Accordingly, oil and gas companies were involved in a record-high
number of low-carbon transactions in 2019, with 33 acquisitions,
direct investments, and joint venture formations, up from 20 in
2018 and 11 in 2017. On the basis of total transaction value (for
those deals with a disclosed value), low-carbon M&A deal value
by these companies amounted to $1.2 billion in 2019, down from $4.3
billion in 2018, amid fewer large-scale deals (with only two
transactions over $100 million during the year).

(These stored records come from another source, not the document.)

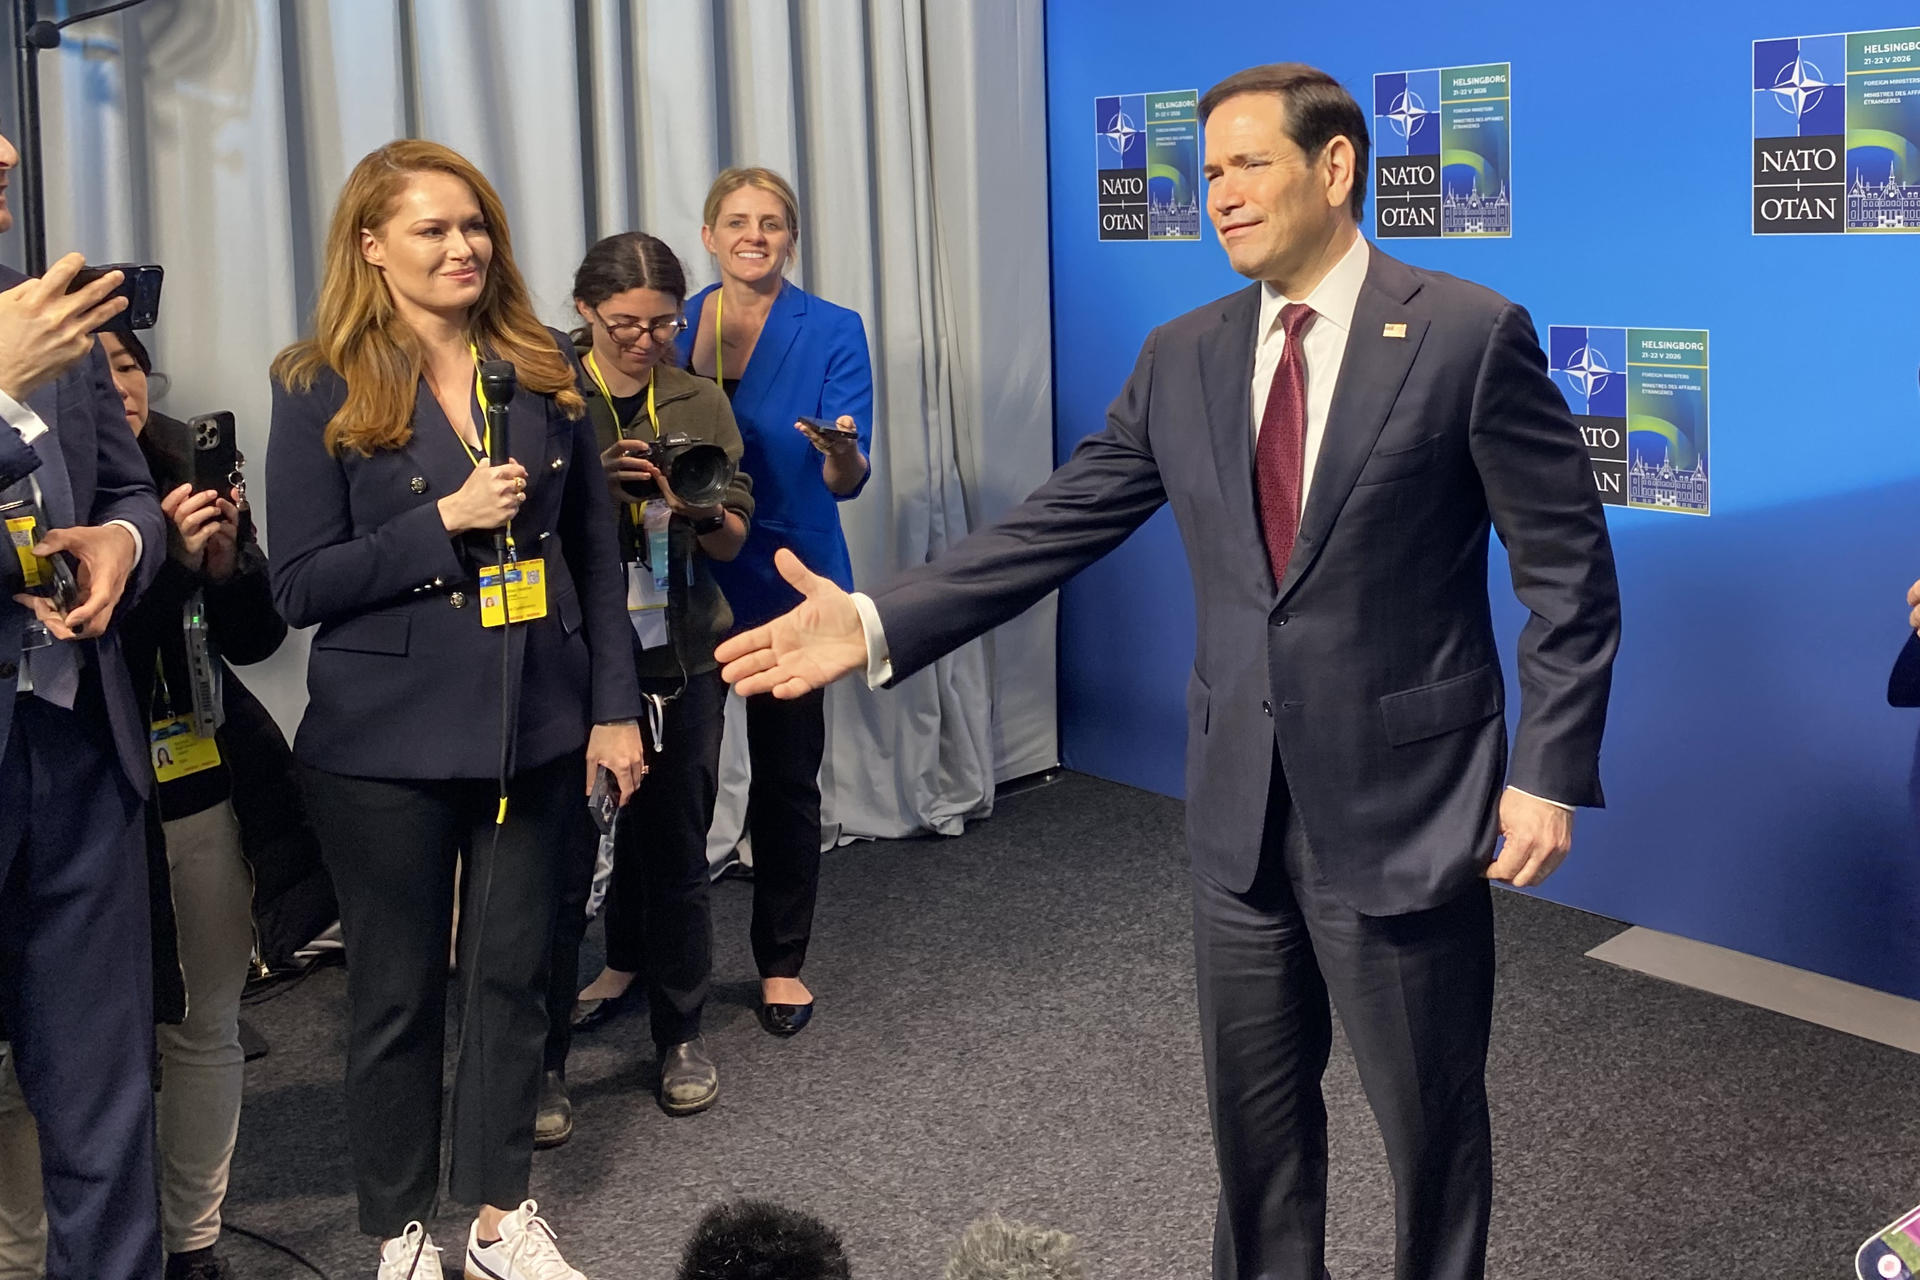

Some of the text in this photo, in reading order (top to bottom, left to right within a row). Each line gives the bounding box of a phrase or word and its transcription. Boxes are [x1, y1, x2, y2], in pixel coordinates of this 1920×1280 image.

[1863, 41, 1920, 54] HELSINGBO
[1863, 57, 1884, 65] 21-22
[1892, 55, 1911, 63] 2026
[1453, 75, 1506, 86] HELSINGBORG
[1761, 148, 1836, 172] NATO
[1381, 165, 1435, 186] NATO
[1102, 178, 1143, 195] NATO
[1381, 207, 1436, 226] OTAN
[1760, 198, 1837, 221] OTAN
[1102, 213, 1144, 231] OTAN
[1641, 340, 1704, 351] HELSINGBORG
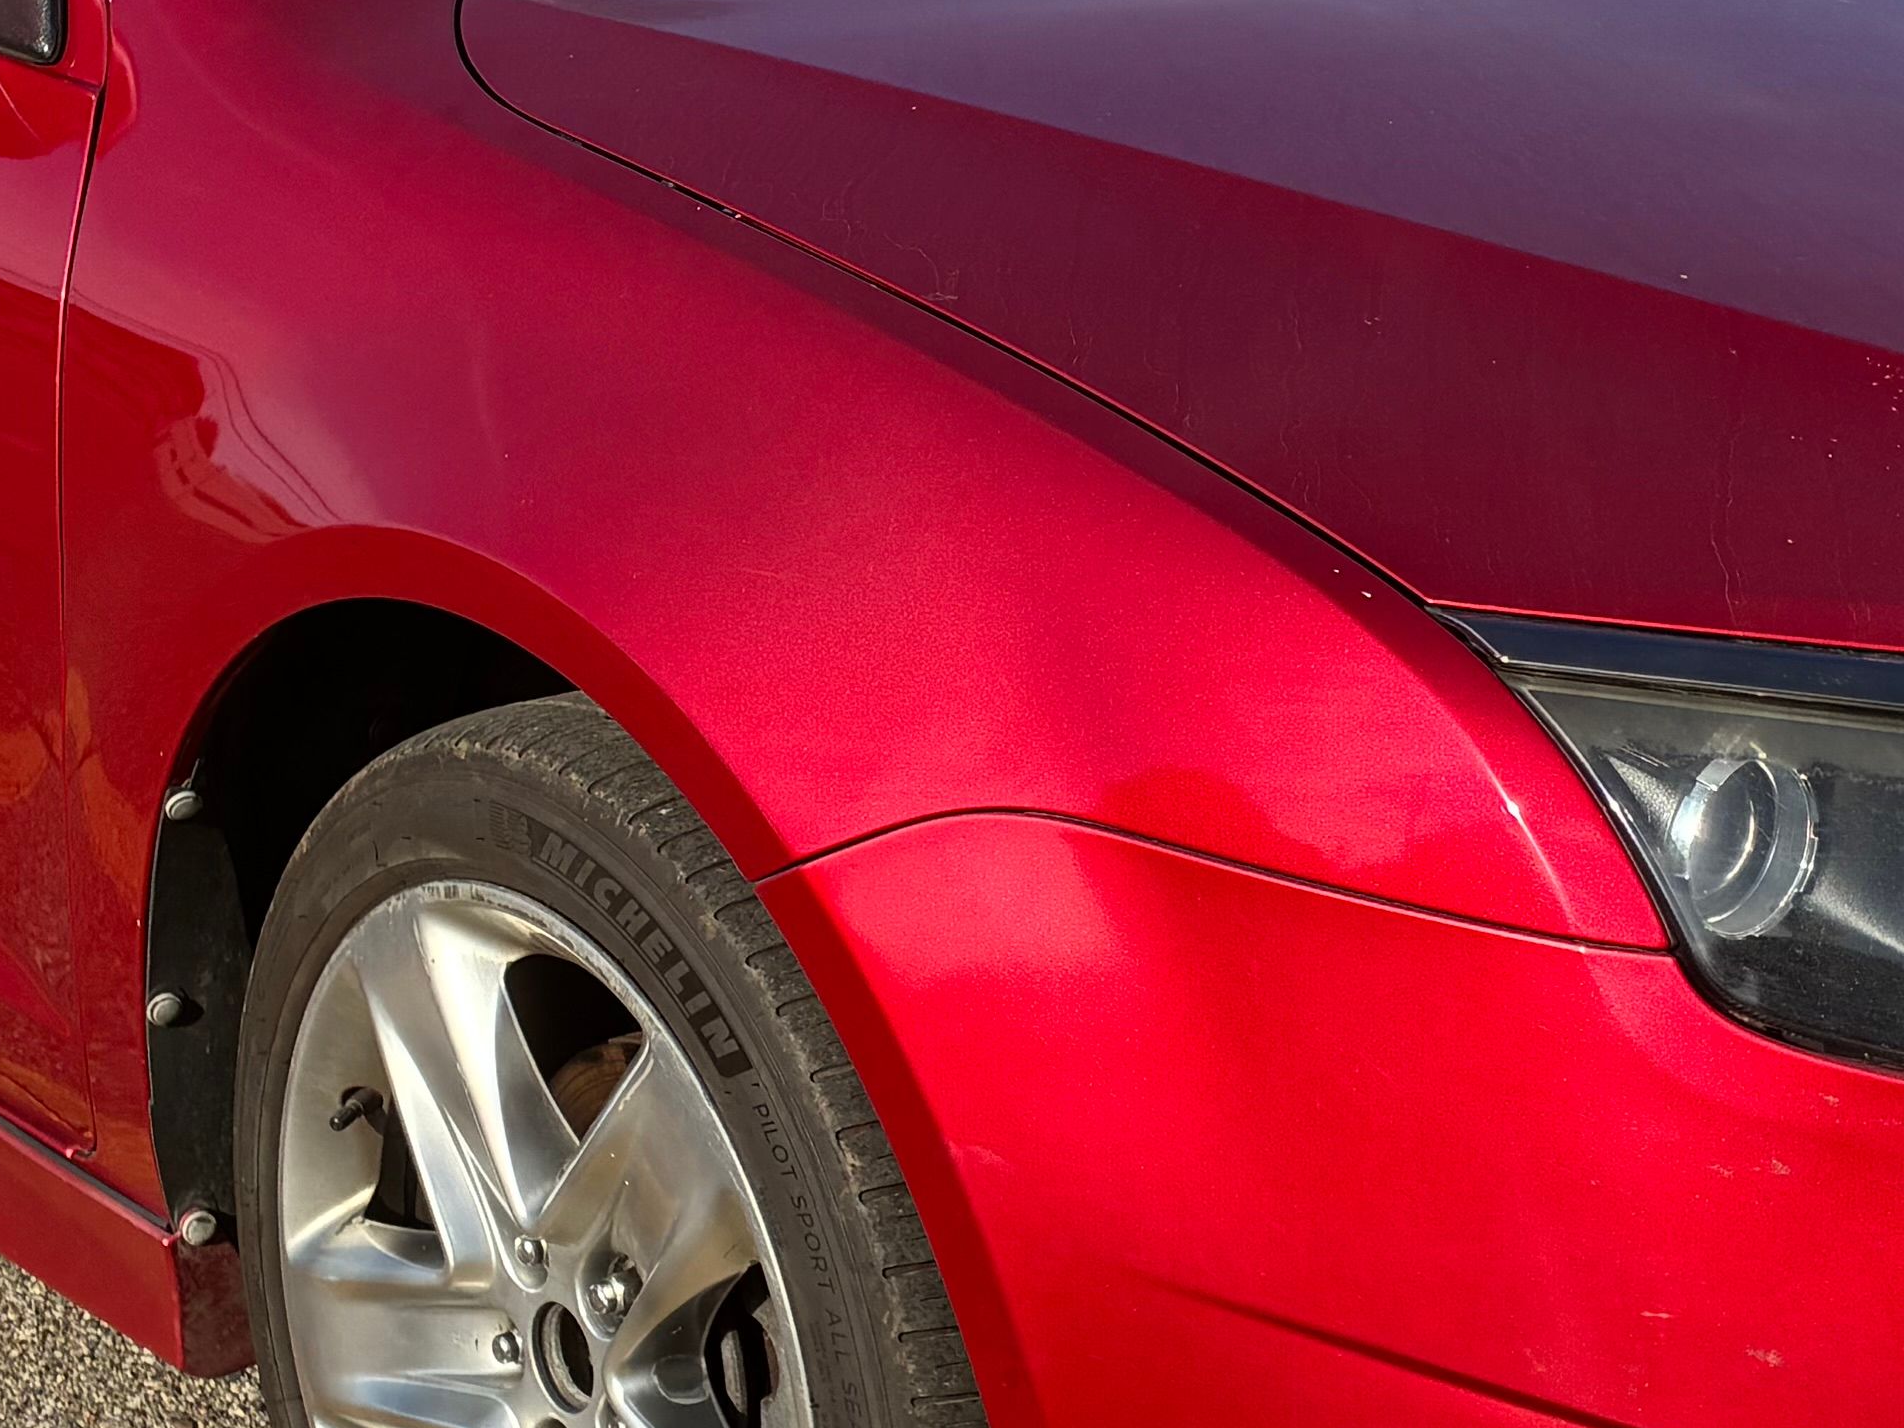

Figure 1: M&A activity in the low-carbon segment by oil and
gas companies, by segment
Over the past decade, solar generation (with activity across an
array of companies) and biofuels (led by BP) have seen the most
M&A activity from oil and gas companies, with 17 and 15 deals,
respectively, since the start of 2010. Activity has also shifted
more recently toward the mobility and offshore wind generation
segments. On a regional basis, Europe has seen the largest share of
this activity, accounting for 55% of transactions since the start
of 2010, followed by North America. From a company perspective, the
Europe-based global integrated oil companies (GIOCs) have been the
most active in terms of M&A activity within the low-carbon
segment, led by Total and Shell. However, activity has become
increasingly broad-based of late, with M&A activity spanning US
independents, international E&Ps, national oil companies
(NOCs), and the service sector.
Figure 2: Oil & Gas corporate venture investment
activity
A similar trend has emerged within the venture capital space,
with rising low-carbon venture investment activity by oil and gas
companies. Similar to M&A, venture capital provides a mechanism
for investing in emerging technologies and companies, motivated by
strategic value, where the technology can be deployed in the
organization to enable a firm's strategic objectives. Whereas these
companies' venture activity was traditionally focused on emerging
technologies with applications for the core oil and gas business,
the low-carbon segment has comprised the majority of their venture
investment transactions in recent years. In addition, shifts in
corporate venture strategies—including implementing greater
alignment between venture investment activity and emerging
low-carbon business opportunities, and the establishment of
low-carbon venture teams— point to efforts by these companies
to leverage venture investment units as part of their positioning
for the energy transition.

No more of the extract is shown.